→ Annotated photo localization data
********

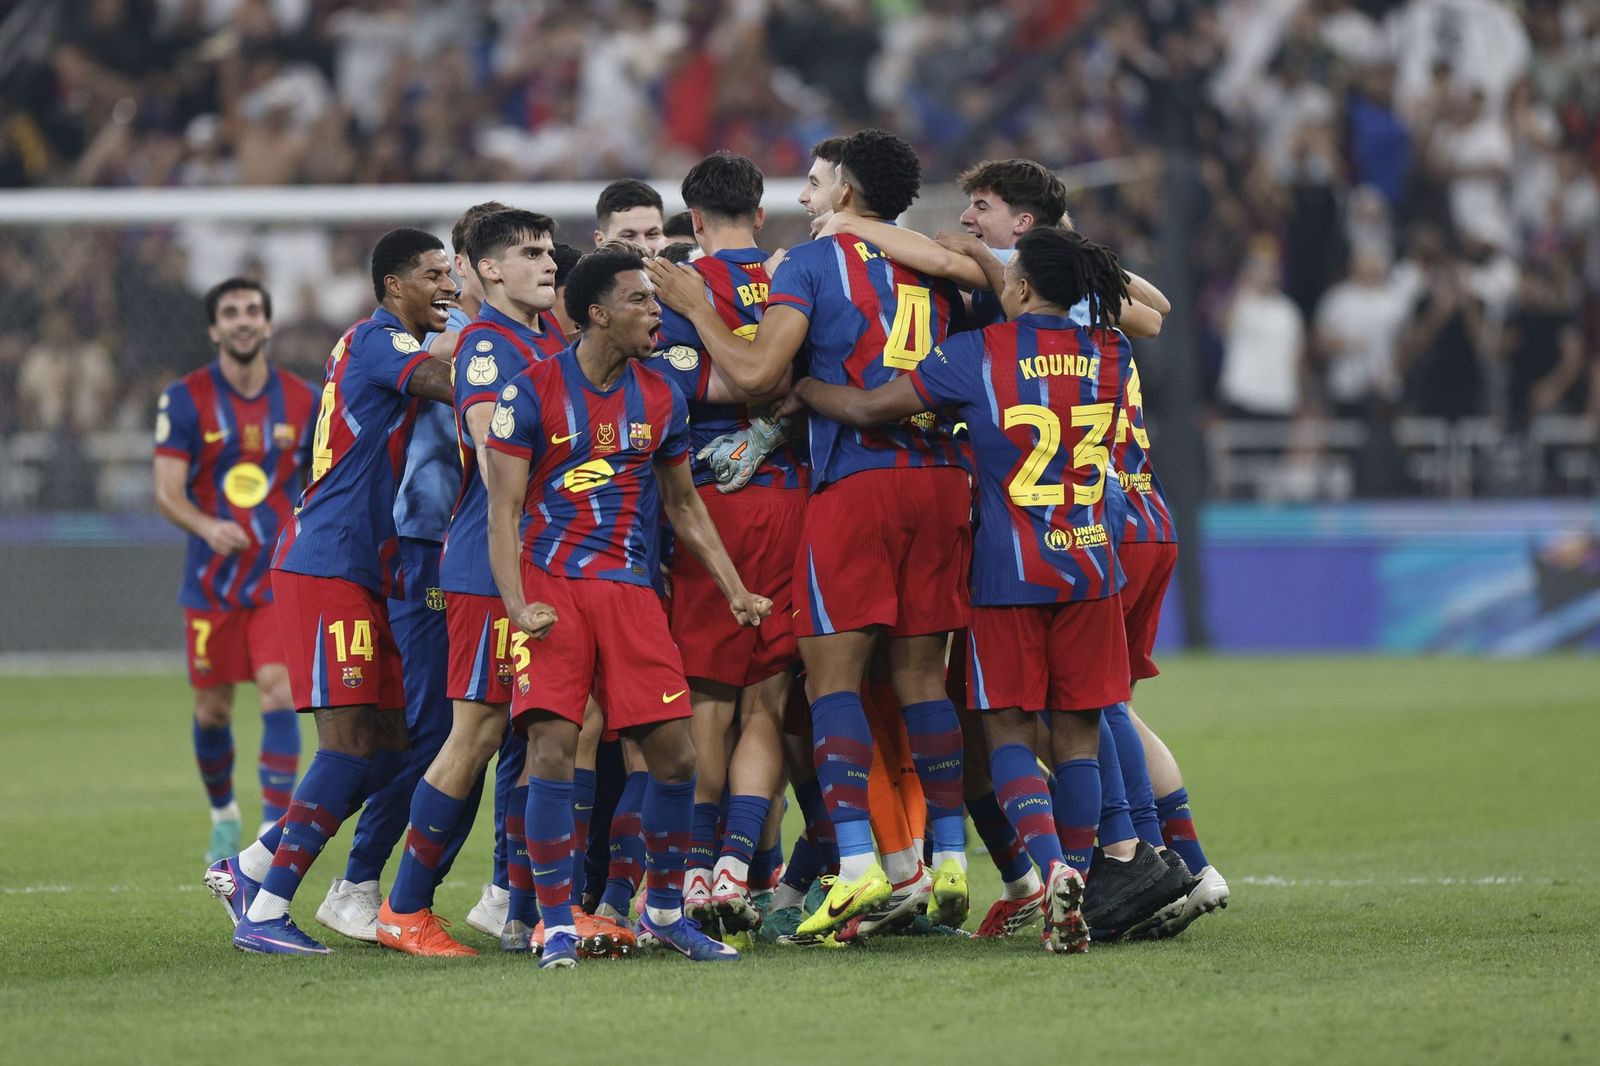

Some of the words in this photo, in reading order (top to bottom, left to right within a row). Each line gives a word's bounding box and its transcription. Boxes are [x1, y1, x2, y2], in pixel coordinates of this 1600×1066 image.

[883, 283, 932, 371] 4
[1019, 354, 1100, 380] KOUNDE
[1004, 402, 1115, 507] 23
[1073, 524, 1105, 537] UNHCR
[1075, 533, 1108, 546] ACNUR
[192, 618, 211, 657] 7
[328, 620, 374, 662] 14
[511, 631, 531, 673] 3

********

→ WHAT YOU SHOULD DO
What is needed is every record above, restated word for word, with the pictures left out.

→ RESPONSE BELOW
Some of the words in this photo, in reading order (top to bottom, left to right within a row). Each line gives a word's bounding box and its transcription. Boxes are [x1, y1, x2, y2], in pixel coordinates of this 1600×1066 image.

[883, 283, 932, 371] 4
[1019, 354, 1100, 380] KOUNDE
[1004, 402, 1115, 507] 23
[1073, 524, 1105, 537] UNHCR
[1075, 533, 1108, 546] ACNUR
[192, 618, 211, 657] 7
[328, 620, 374, 662] 14
[511, 631, 531, 673] 3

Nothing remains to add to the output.